- “I have always found strangers sexy.”- Hugh Grant, six months before he was arrested with stranger Divine Brown.
- “I would not wish to be Prime Minister, dear.”- Margaret Thatcher in 1973.
- “That rainbow song’s no good. Take it out.”- MGM memo after first showing of The Wizard Of Oz.
- “You’d better learn secretarial skills or else get married.”- Modelling agency, rejecting Marilyn Monroe in 1944.
- “Radio has no future.”
“X-rays are clearly a hoax.”
“The aeroplane is scientifically impossible.”
– Royal Society president Lord Kelvin, 1897-9. - “You ought to go back to driving a truck.”- Concert manager, firing Elvis Presley in 1954.
- “Forget it. No Civil War picture ever made a nickel.”- MGM executive, advising against investing in Gone With The Wind.
- “Can’t act. Can’t sing. Slightly bald. Can dance a little.”- A film company’s verdict on Fred Astaire’s 1928 screen test.

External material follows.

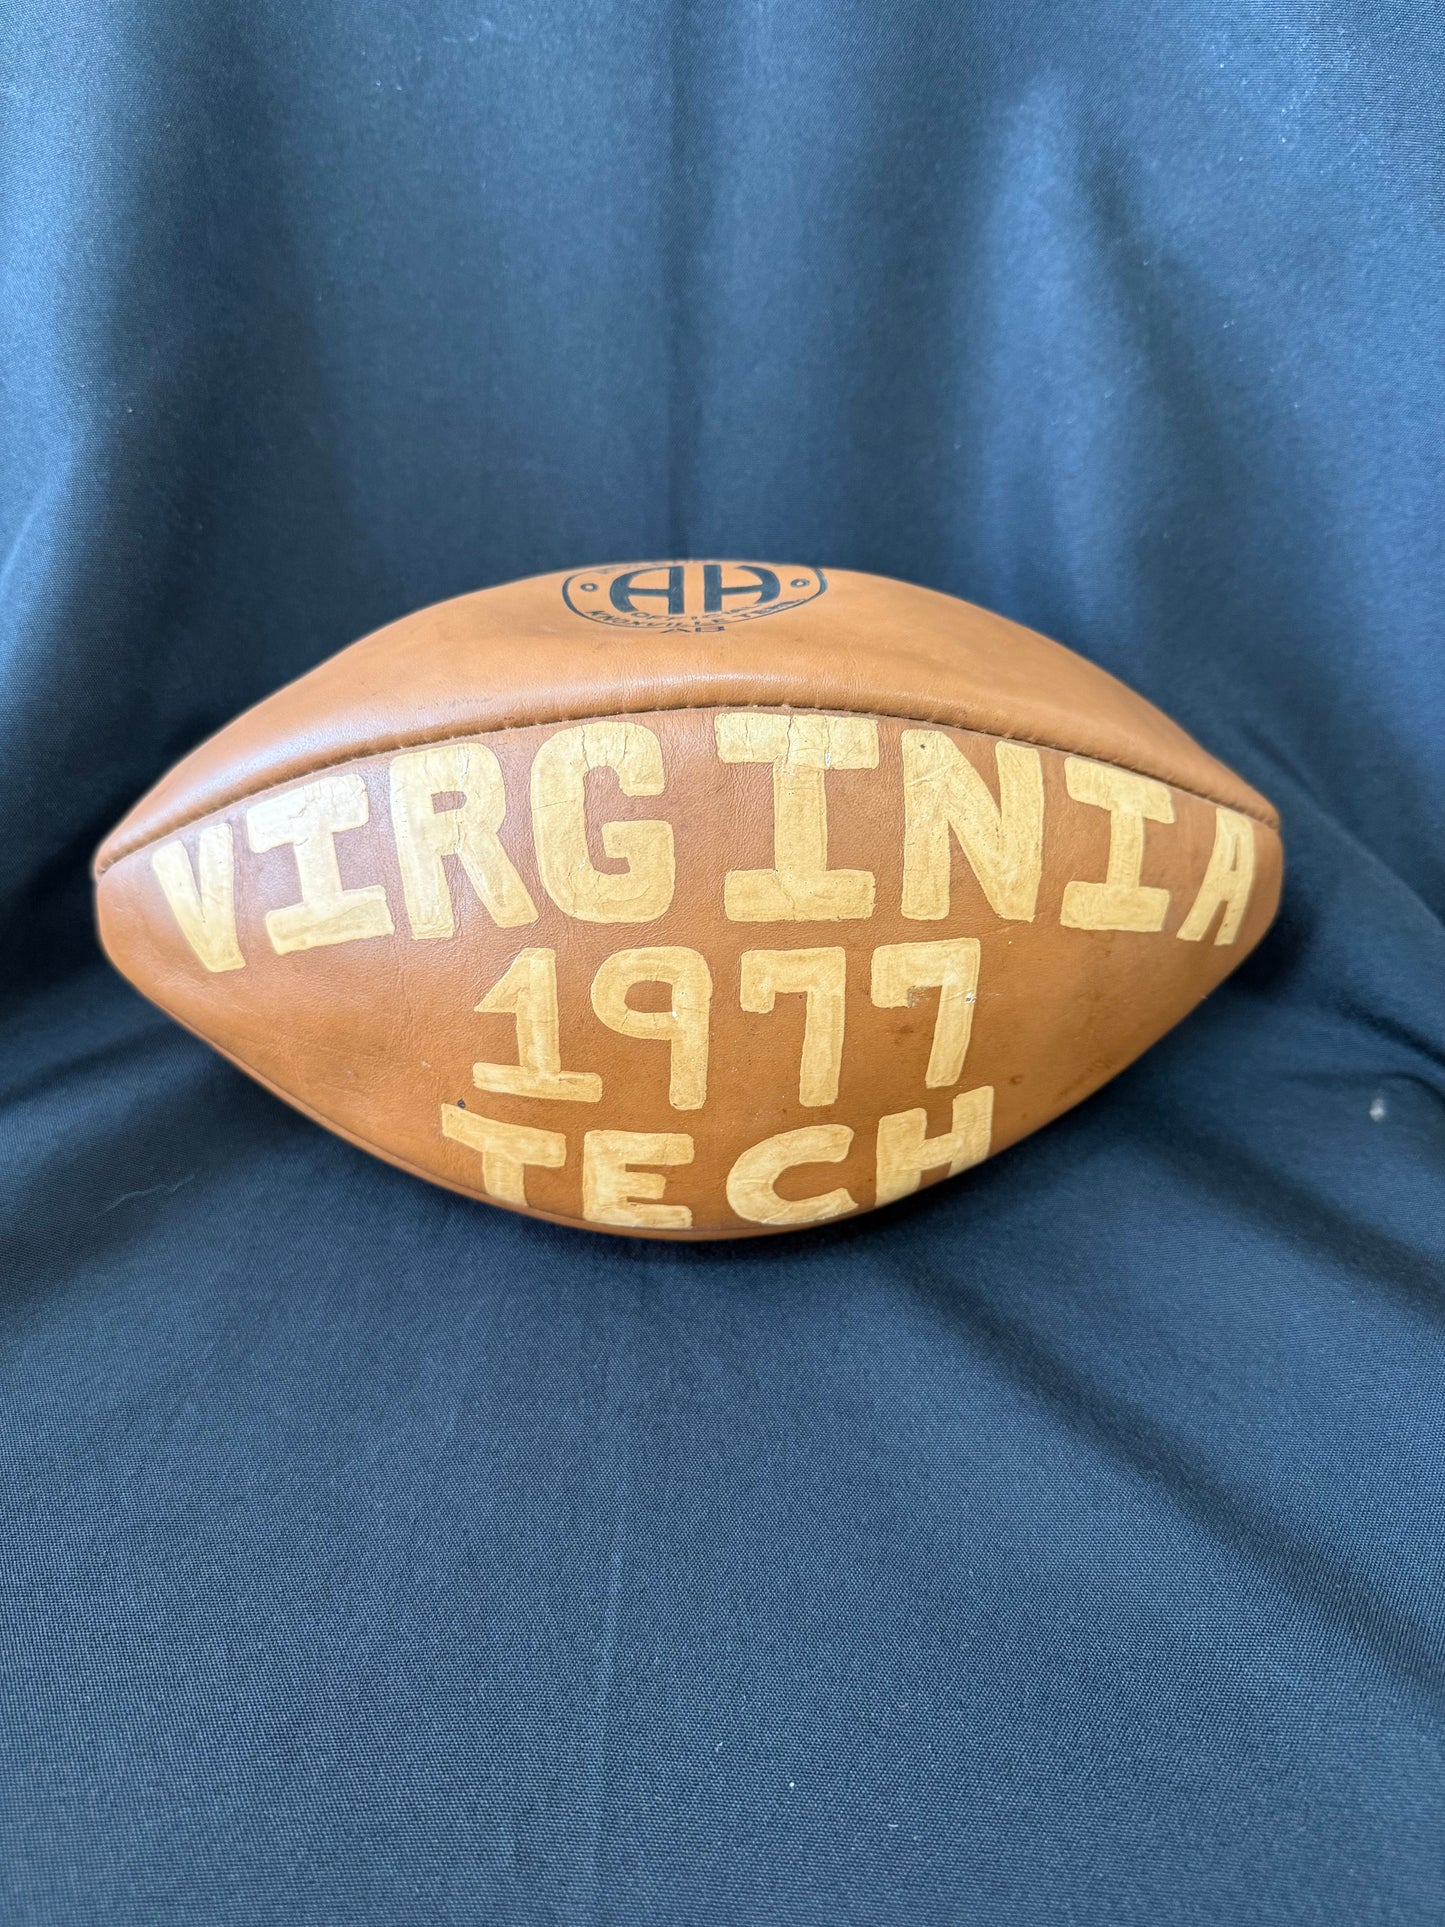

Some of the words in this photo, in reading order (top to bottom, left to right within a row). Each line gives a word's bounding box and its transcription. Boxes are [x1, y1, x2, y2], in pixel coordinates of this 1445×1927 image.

[149, 713, 1256, 973] VIRGINIA
[474, 938, 981, 1110] 1977
[441, 1086, 993, 1228] TECH

- “Very interesting, Whittle, my boy, but it will never work.”- Professor of Aeronautical Engineering at Cambridge, shown Frank Whittle’s plan for the jet engine.
- “There will be one million cases of AIDS in Britain by 1991.”- World Health Organization in a 1989 report. It over-estimated by 992,301 cases.
- “The Beatles? They’re on the wane.”- The Duke of Edinburgh in Canada, 1965. They went on to produce a string of Number 1 hits.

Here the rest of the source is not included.